## EXERCISE REQUIREMENTS
Each line of the data below should be restated exactly, with images left out.

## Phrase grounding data
....

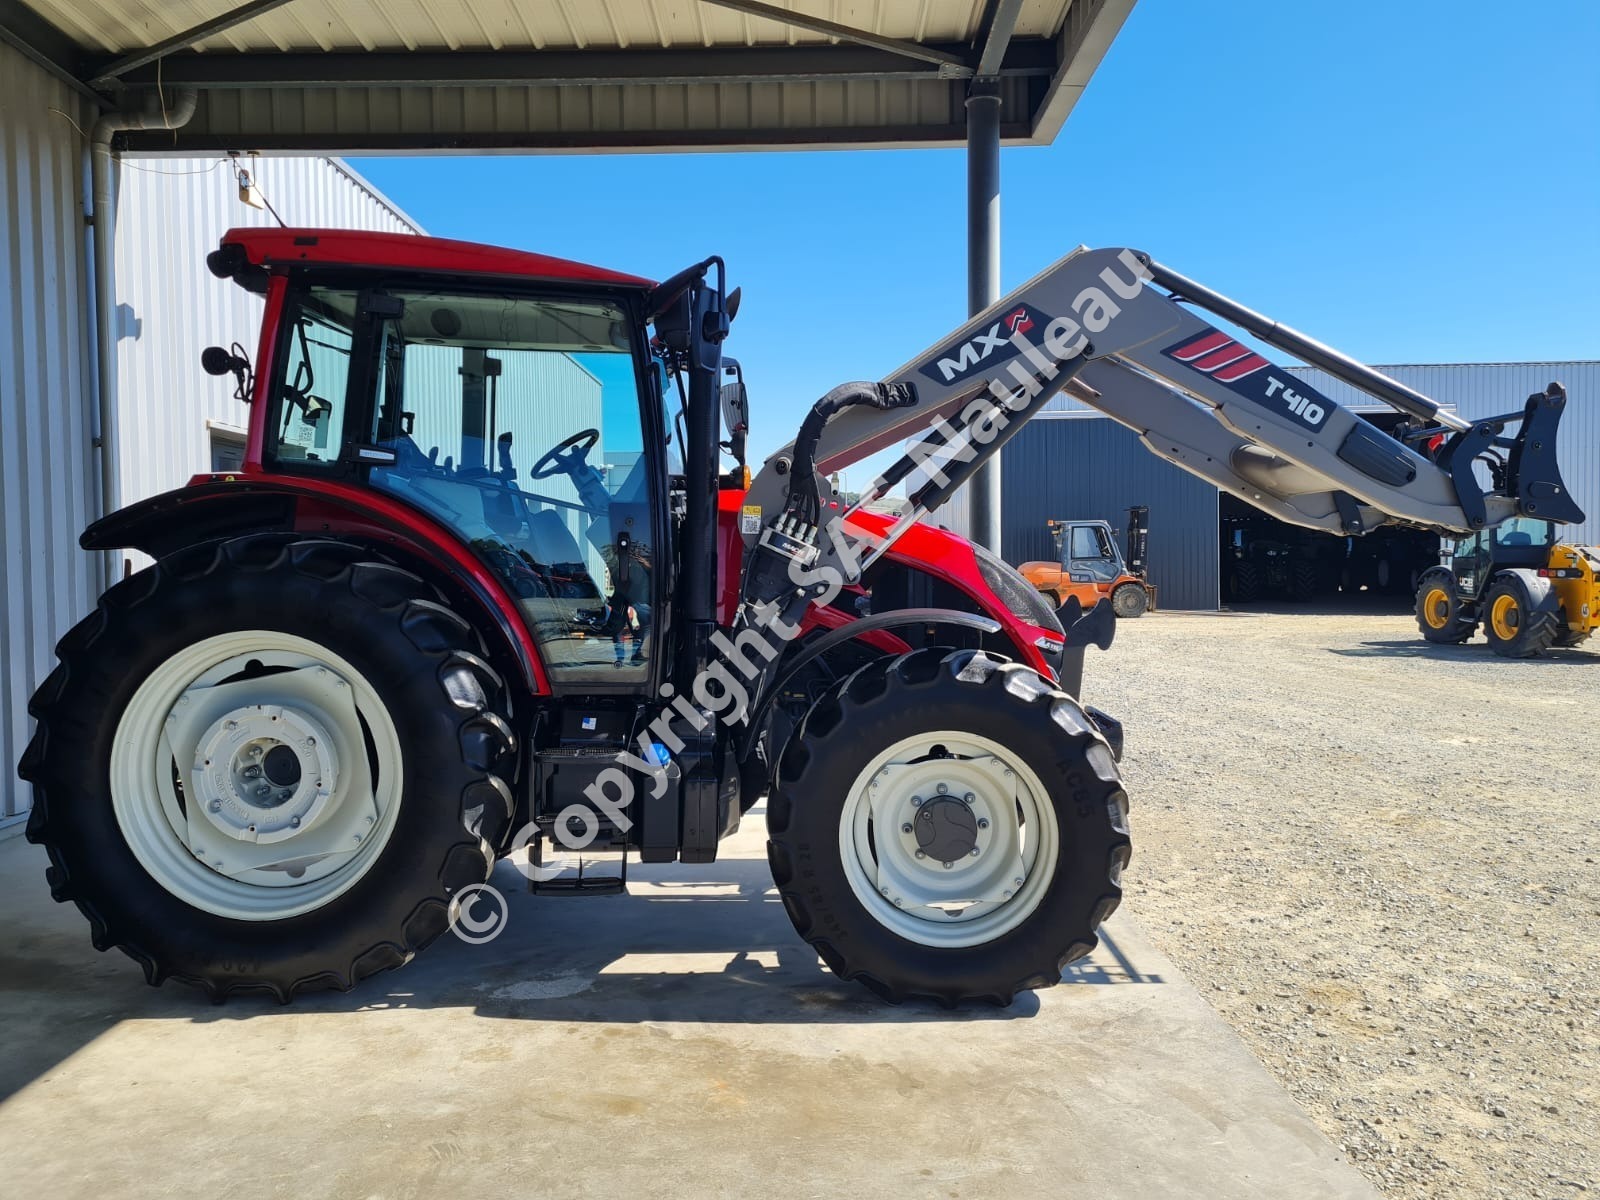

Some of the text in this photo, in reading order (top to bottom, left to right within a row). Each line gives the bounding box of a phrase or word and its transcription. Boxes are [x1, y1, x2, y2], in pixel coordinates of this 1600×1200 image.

[936, 322, 1010, 381] MX
[1264, 375, 1325, 425] T410
[1459, 576, 1474, 588] JCB
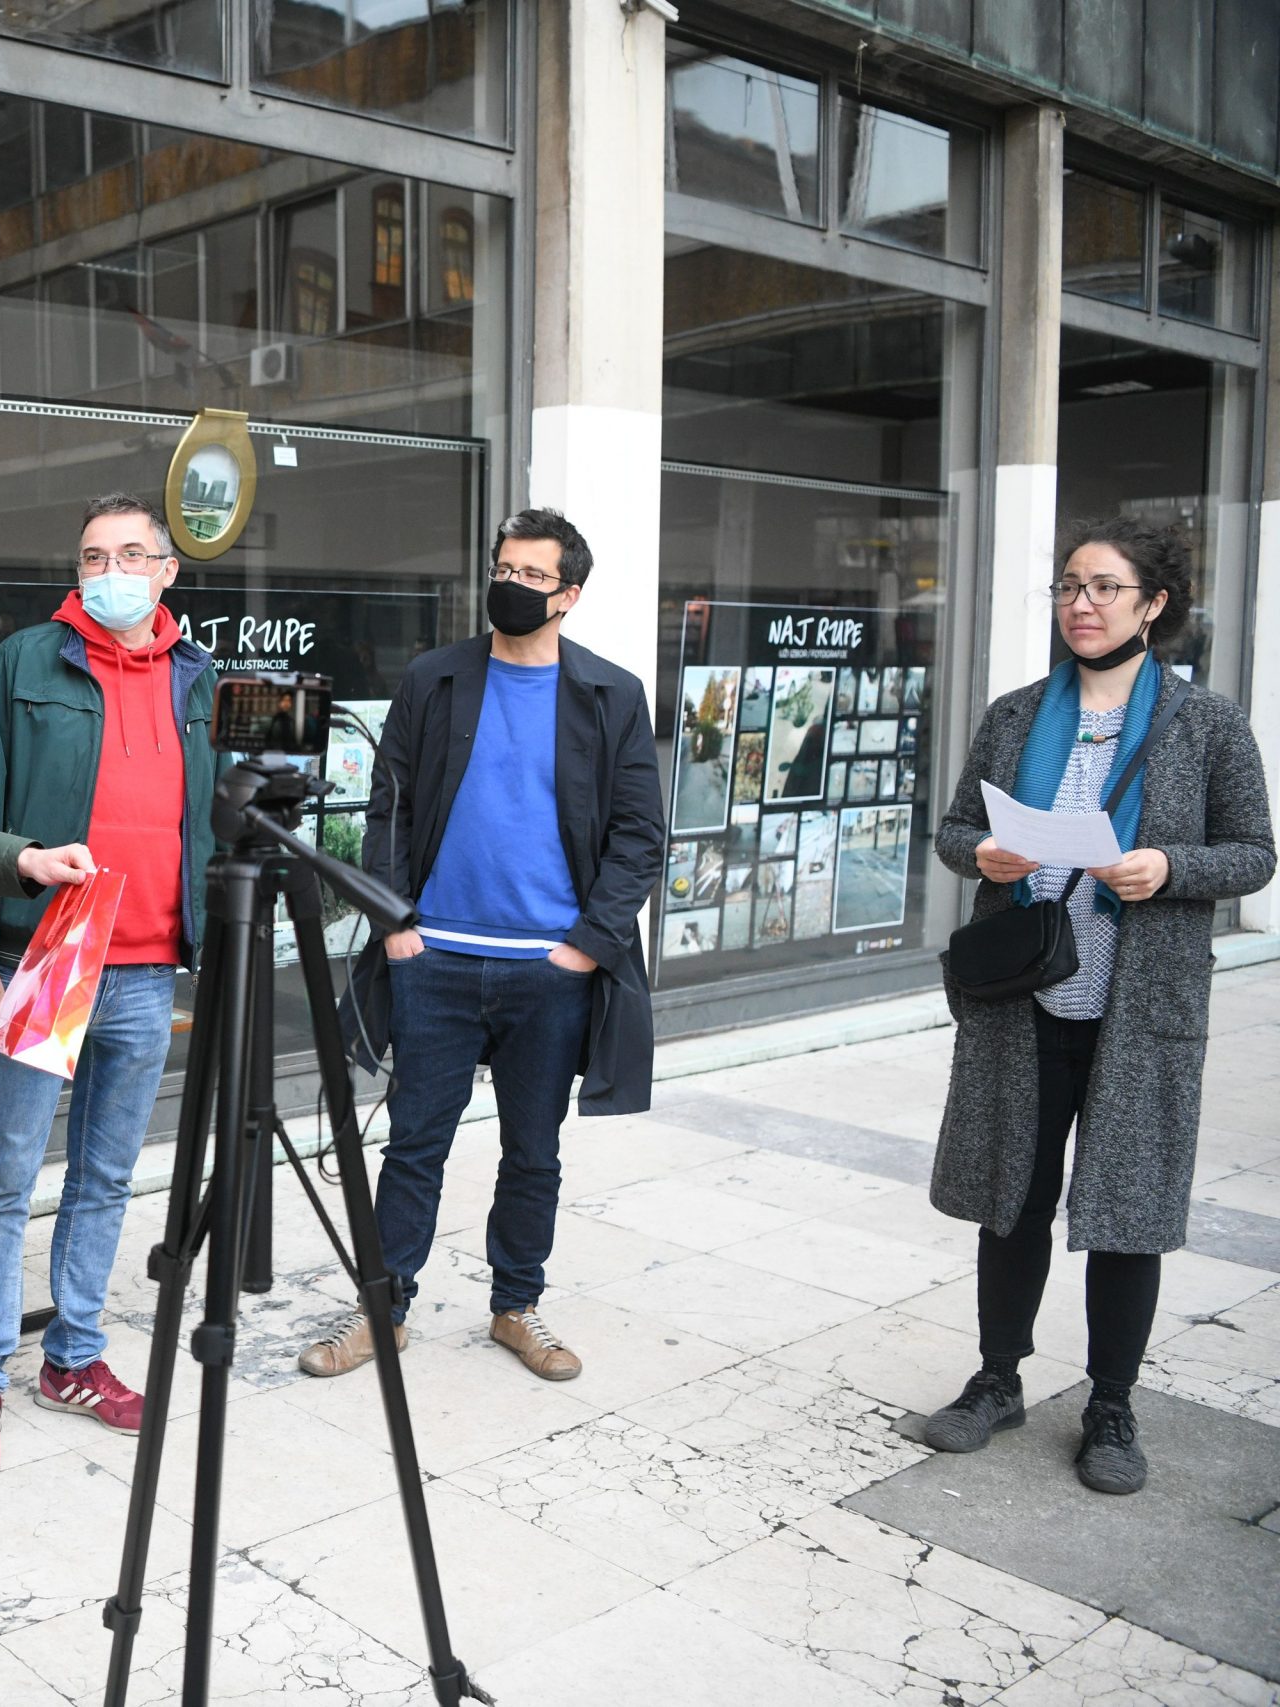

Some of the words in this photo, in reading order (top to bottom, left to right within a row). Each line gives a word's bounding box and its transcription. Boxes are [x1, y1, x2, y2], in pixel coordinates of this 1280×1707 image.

[179, 614, 230, 654] AJ
[237, 615, 316, 655] RUPE
[768, 615, 815, 646] NAJ
[816, 617, 864, 648] RUPE
[231, 659, 289, 671] ILUSTRACIJE

....

## ANSWER BOX
Some of the text in this photo, in reading order (top to bottom, left to right within a row). Each line gives the bounding box of a phrase or word and its transcription. Boxes are [x1, y1, x2, y2], in pixel coordinates of this 1600×1200 image.

[936, 322, 1010, 381] MX
[1264, 375, 1325, 425] T410
[1459, 576, 1474, 588] JCB

Some of the words in this photo, in reading order (top to bottom, left to right within a row). Each line gives a word's bounding box and its transcription. Boxes are [x1, y1, x2, y2], in pixel coordinates of this 1280×1707 image.

[179, 614, 230, 654] AJ
[237, 615, 316, 655] RUPE
[768, 615, 815, 646] NAJ
[816, 617, 864, 648] RUPE
[231, 659, 289, 671] ILUSTRACIJE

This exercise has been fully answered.